The Miracle of Birth: What an increasing number of scientists are now conceding is a valid field of study, “ID,” or “Intelligent Design,” is even more true as this dad at Disney World talks to Katy about the fact that he IS her dad. Simply having a child—you talk about design! When one egg and one sperm get together—just two tiny cells—and then for nine months multiply and divide, turning into all the right clusters of more cells, organs, blood, lungs, heart, brain, skin, entire systems. All at once, you see this new little life emerge. And it has a face! How did two cells turn into a little scrunched-up face? There are two eyes, two ears, a nose, and a very noisy little mouth and vocal cords. Within 15 minutes Daddy’s giving her a bath and even having to already change a diaper, so those functions are working too. And he says to himself: “This is a designed miracle.
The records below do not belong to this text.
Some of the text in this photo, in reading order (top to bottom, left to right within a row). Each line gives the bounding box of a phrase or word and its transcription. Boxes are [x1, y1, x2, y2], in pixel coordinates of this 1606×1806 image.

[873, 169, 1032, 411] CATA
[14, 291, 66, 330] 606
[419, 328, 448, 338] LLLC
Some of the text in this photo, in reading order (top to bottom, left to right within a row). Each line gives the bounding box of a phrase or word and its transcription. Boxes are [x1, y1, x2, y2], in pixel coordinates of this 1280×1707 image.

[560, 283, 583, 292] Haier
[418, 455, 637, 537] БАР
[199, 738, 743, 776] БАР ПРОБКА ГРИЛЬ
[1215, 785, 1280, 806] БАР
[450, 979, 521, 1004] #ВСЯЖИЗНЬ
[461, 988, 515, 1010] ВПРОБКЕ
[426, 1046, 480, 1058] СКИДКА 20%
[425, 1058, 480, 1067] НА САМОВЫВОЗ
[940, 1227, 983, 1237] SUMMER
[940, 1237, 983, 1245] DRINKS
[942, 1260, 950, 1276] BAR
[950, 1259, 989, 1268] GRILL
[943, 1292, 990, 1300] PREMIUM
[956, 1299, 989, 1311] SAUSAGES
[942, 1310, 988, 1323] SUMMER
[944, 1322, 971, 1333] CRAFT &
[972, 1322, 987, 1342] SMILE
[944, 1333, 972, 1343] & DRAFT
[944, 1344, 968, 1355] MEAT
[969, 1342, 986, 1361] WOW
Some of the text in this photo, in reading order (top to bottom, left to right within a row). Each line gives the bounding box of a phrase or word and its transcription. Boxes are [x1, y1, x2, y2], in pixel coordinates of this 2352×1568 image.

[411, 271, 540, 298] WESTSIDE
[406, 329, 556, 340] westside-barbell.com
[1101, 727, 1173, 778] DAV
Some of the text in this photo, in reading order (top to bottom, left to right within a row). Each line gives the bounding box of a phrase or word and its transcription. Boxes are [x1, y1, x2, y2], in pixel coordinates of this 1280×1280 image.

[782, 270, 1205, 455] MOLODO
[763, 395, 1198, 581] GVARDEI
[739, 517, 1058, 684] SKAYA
This child is fearfully and wonderfully made; marvelous are the works of God!” (Psalm 139:14.) This concerned-but-still-proud papa, Dave Mulholland, said to his daughter as they sat eating their overpriced Disney ice cream bars: “Honey, everything I know about the universe, including my incredibly beautiful daughter, indicates to me that somebody designed it. Created it.”
Law & Order: Many branches of science concede that some form of “Intelligent Design” must surely be real—and reluctantly use the idea in their work. Colson writes regarding forensic science: “When police find a body, their first question is, Was this death the result of natural causes or foul play (an intentional act by an intelligent being)? Pathologists perform a battery of fairly straightforward tests to get an answer.” A TV detective looks in the carpeting for clues; he sees a piece of thread here that doesn’t look quite right, a bit of fluff over there which doesn’t fit. Is there, as the title suggests, CI—criminal intent? Some person behind the evidence. Did the victim just slip and fall, or were they pushed?
Conclusion: “The Christian worldview [tells] us we were created by a transcendent God who loves us and has a purpose for us. Nature itself is covered with His ‘fingerprints,’ marks of purpose in every area of scientific investigation.”
Invitation: It is a wonderful spiritual breakthrough when a man or woman finally looks beyond the limited horizon of their own little world and determines to see the fingerprints of God. Many couples wait the nine months and go into the delivery room, see that scrunched-up face make its miraculous debut . . . and don’t see beyond a romantic evening of fantasy and flowers nine months before. Babies get here because of what it says in the biology textbook and the sex ed curriculum. They simply don’t SEE that their own baby having ten unique little fingerprints shouts at us: “God’s fingerprints were here first! You didn’t make this new life; God did! Wake up and smell the coffee.”
Say right now: “Everything created must have a Creator . . . and I would like to get to know myCreator.”